**Exercise:** Write the records out again exactly as they read, dropping any picture they hold.

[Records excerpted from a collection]
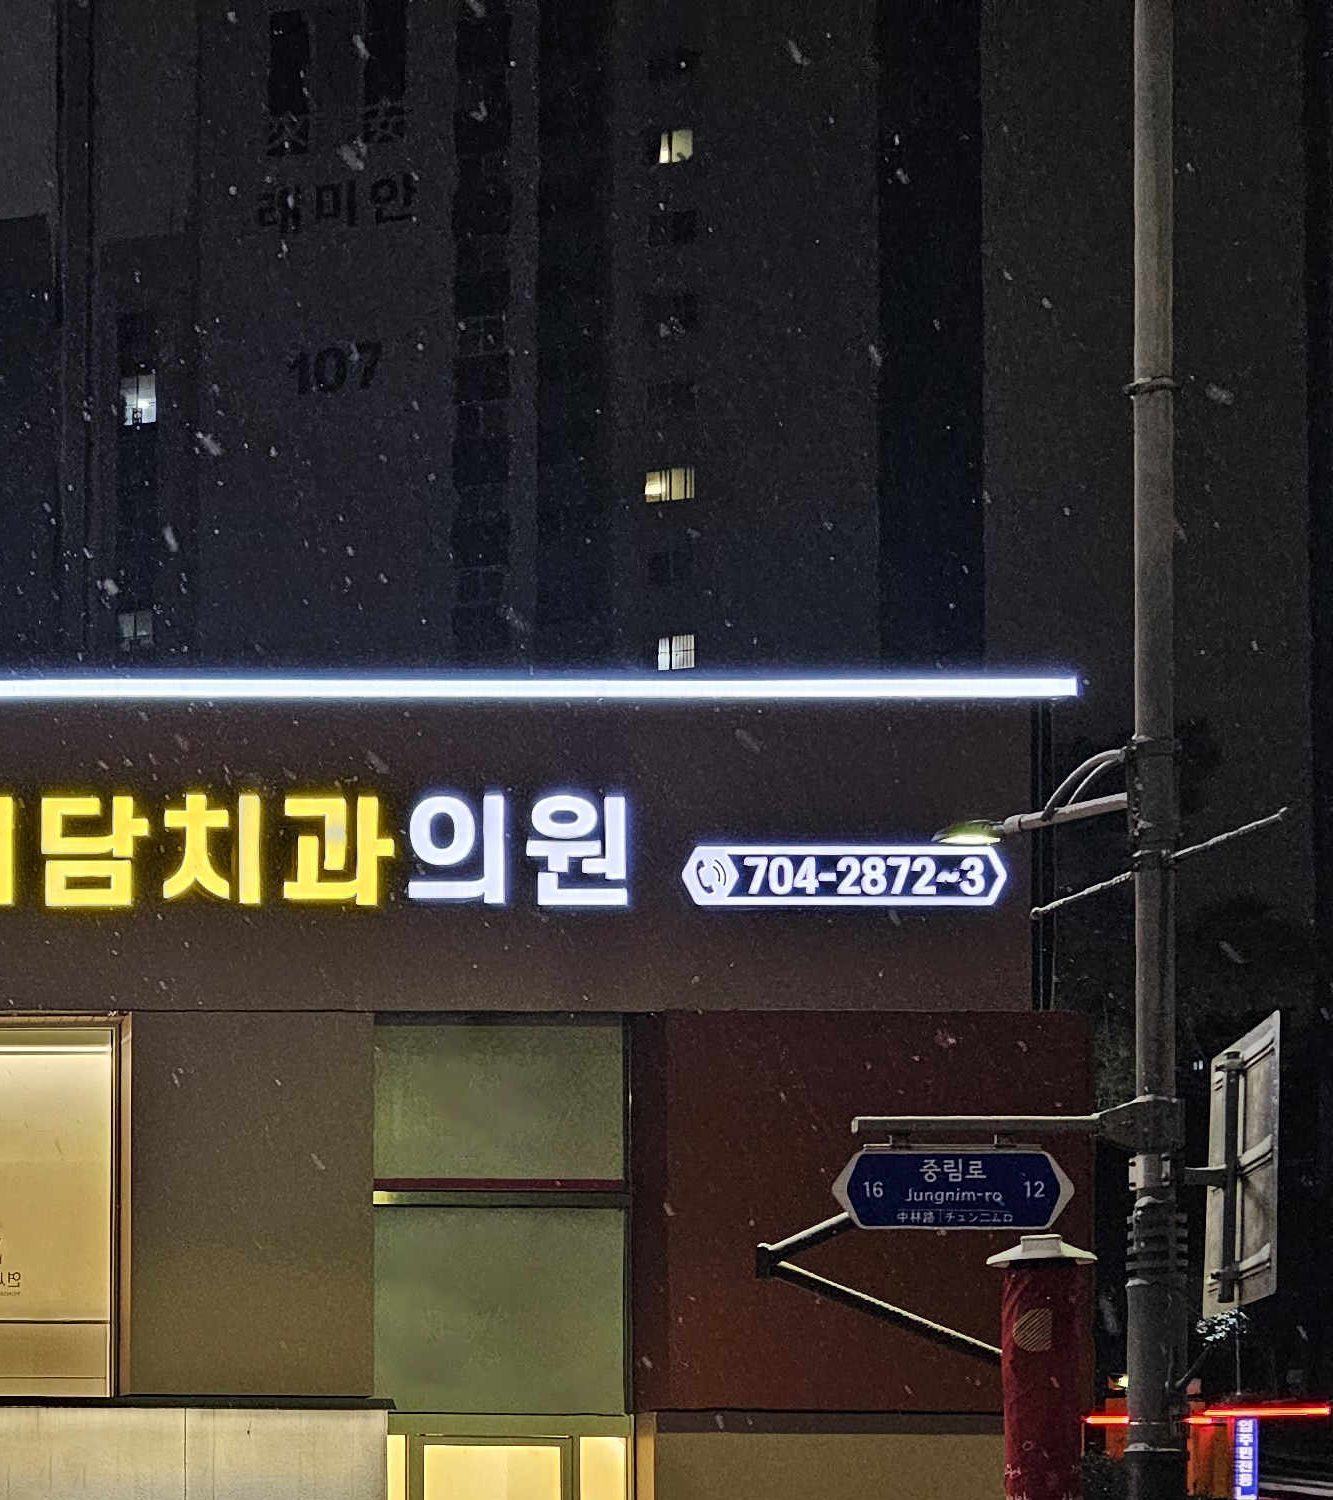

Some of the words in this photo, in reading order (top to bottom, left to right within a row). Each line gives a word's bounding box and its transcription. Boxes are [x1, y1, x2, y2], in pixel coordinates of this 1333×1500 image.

[257, 172, 417, 235] 래미안
[289, 339, 384, 395] 107
[743, 855, 989, 897] 704-2872~3
[919, 1158, 987, 1183] 중림로
[862, 1181, 884, 1198] 16
[904, 1187, 1005, 1205] Jungnim-ro
[1023, 1180, 1046, 1198] 12
[896, 1211, 935, 1223] 中林路
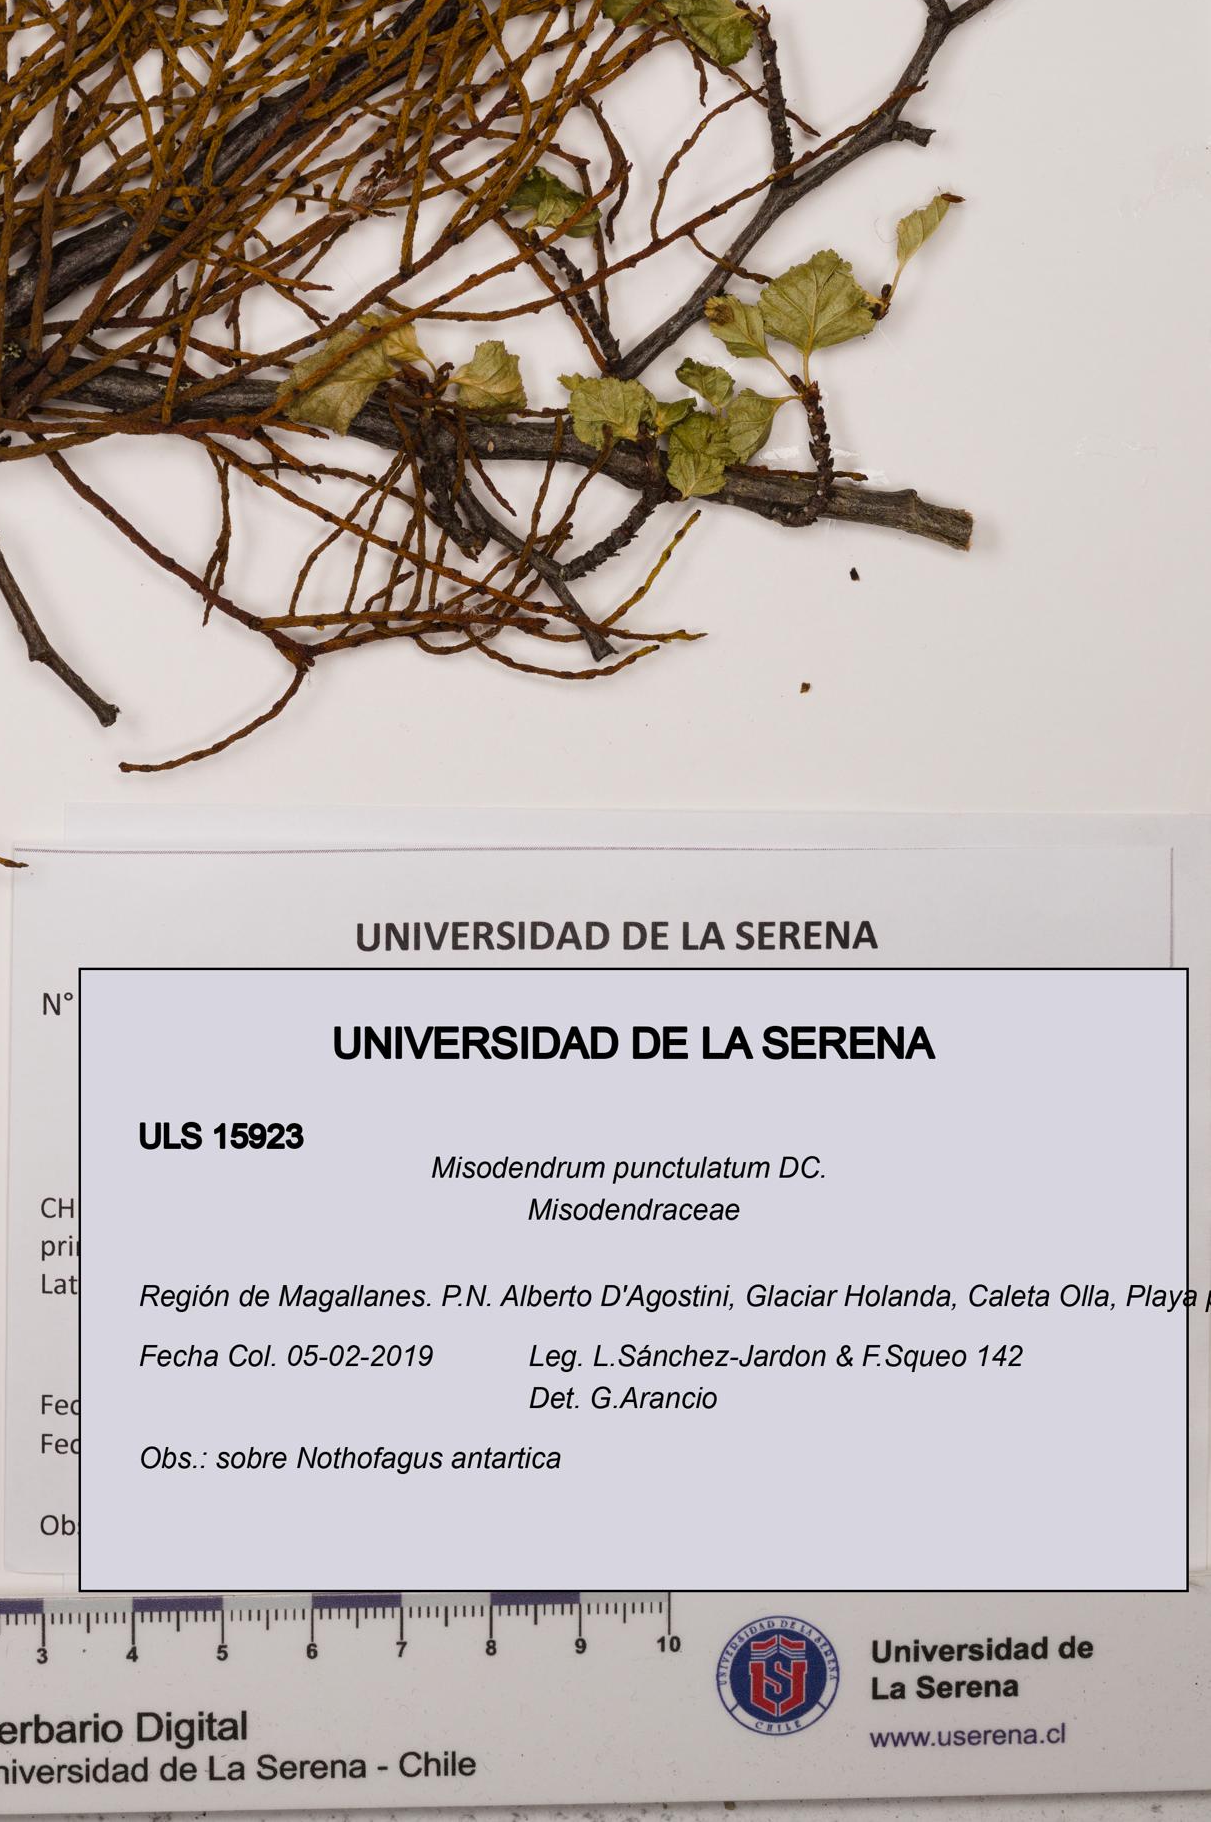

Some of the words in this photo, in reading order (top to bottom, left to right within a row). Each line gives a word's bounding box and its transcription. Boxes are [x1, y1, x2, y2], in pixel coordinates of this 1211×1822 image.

[356, 920, 610, 952] UNIVERSIDAD
[623, 921, 669, 951] DE
[682, 921, 726, 951] LA
[735, 920, 879, 951] SERENA
[42, 992, 74, 1016] N°
[40, 1235, 78, 1261] pri
[39, 1513, 80, 1537] Ob
[36, 1647, 49, 1665] 3
[125, 1645, 139, 1663] 4
[216, 1644, 229, 1662] 5
[306, 1642, 319, 1660] 6
[395, 1640, 408, 1658] 7
[485, 1638, 497, 1657] 8
[574, 1637, 588, 1655] 9
[656, 1635, 682, 1653] 10
[871, 1635, 1049, 1664] Universidad
[1057, 1635, 1094, 1660] de
[871, 1676, 906, 1701] La
[915, 1674, 1019, 1700] Serena
[136, 1710, 248, 1750] Digital
[869, 1722, 1066, 1748] www.userena.cl
[159, 1755, 198, 1783] de
[208, 1755, 246, 1782] La
[256, 1753, 367, 1781] Serena
[398, 1750, 477, 1778] Chile
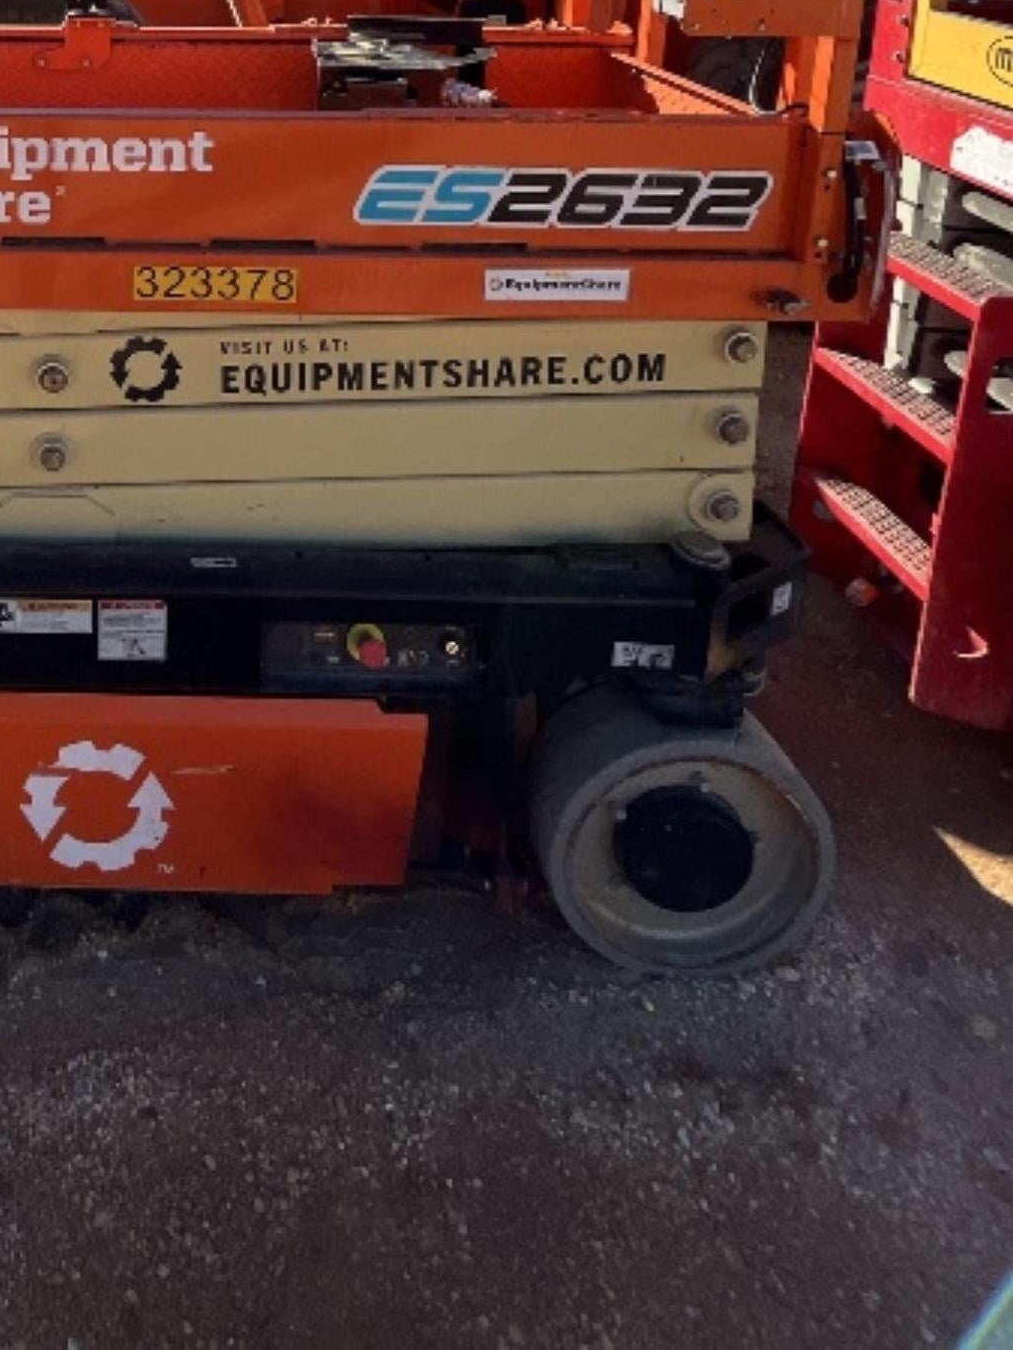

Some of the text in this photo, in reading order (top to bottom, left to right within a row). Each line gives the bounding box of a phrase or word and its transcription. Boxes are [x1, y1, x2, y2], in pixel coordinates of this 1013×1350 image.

[355, 165, 773, 231] ES2632
[135, 266, 294, 302] 323378
[220, 341, 273, 356] VISIT
[282, 339, 309, 354] US
[220, 353, 667, 397] EQUIPMENTSHARE.COM

**Answer box:**
Some of the words in this photo, in reading order (top to bottom, left to right within a row). Each line gives a word's bounding box and its transcription. Boxes are [x1, y1, x2, y2], in pixel coordinates of this 1333×1500 image.

[257, 172, 417, 235] 래미안
[289, 339, 384, 395] 107
[743, 855, 989, 897] 704-2872~3
[919, 1158, 987, 1183] 중림로
[862, 1181, 884, 1198] 16
[904, 1187, 1005, 1205] Jungnim-ro
[1023, 1180, 1046, 1198] 12
[896, 1211, 935, 1223] 中林路

Some of the words in this photo, in reading order (top to bottom, left to right within a row). Each line gives a word's bounding box and its transcription. Boxes are [x1, y1, x2, y2], in pixel coordinates of this 1211×1822 image.

[356, 920, 610, 952] UNIVERSIDAD
[623, 921, 669, 951] DE
[682, 921, 726, 951] LA
[735, 920, 879, 951] SERENA
[42, 992, 74, 1016] N°
[40, 1235, 78, 1261] pri
[39, 1513, 80, 1537] Ob
[36, 1647, 49, 1665] 3
[125, 1645, 139, 1663] 4
[216, 1644, 229, 1662] 5
[306, 1642, 319, 1660] 6
[395, 1640, 408, 1658] 7
[485, 1638, 497, 1657] 8
[574, 1637, 588, 1655] 9
[656, 1635, 682, 1653] 10
[871, 1635, 1049, 1664] Universidad
[1057, 1635, 1094, 1660] de
[871, 1676, 906, 1701] La
[915, 1674, 1019, 1700] Serena
[136, 1710, 248, 1750] Digital
[869, 1722, 1066, 1748] www.userena.cl
[159, 1755, 198, 1783] de
[208, 1755, 246, 1782] La
[256, 1753, 367, 1781] Serena
[398, 1750, 477, 1778] Chile

Some of the text in this photo, in reading order (top to bottom, left to right within a row). Each line gives the bounding box of a phrase or word and its transcription. Boxes are [x1, y1, x2, y2], in pixel coordinates of this 1013×1350 image.

[355, 165, 773, 231] ES2632
[135, 266, 294, 302] 323378
[220, 341, 273, 356] VISIT
[282, 339, 309, 354] US
[220, 353, 667, 397] EQUIPMENTSHARE.COM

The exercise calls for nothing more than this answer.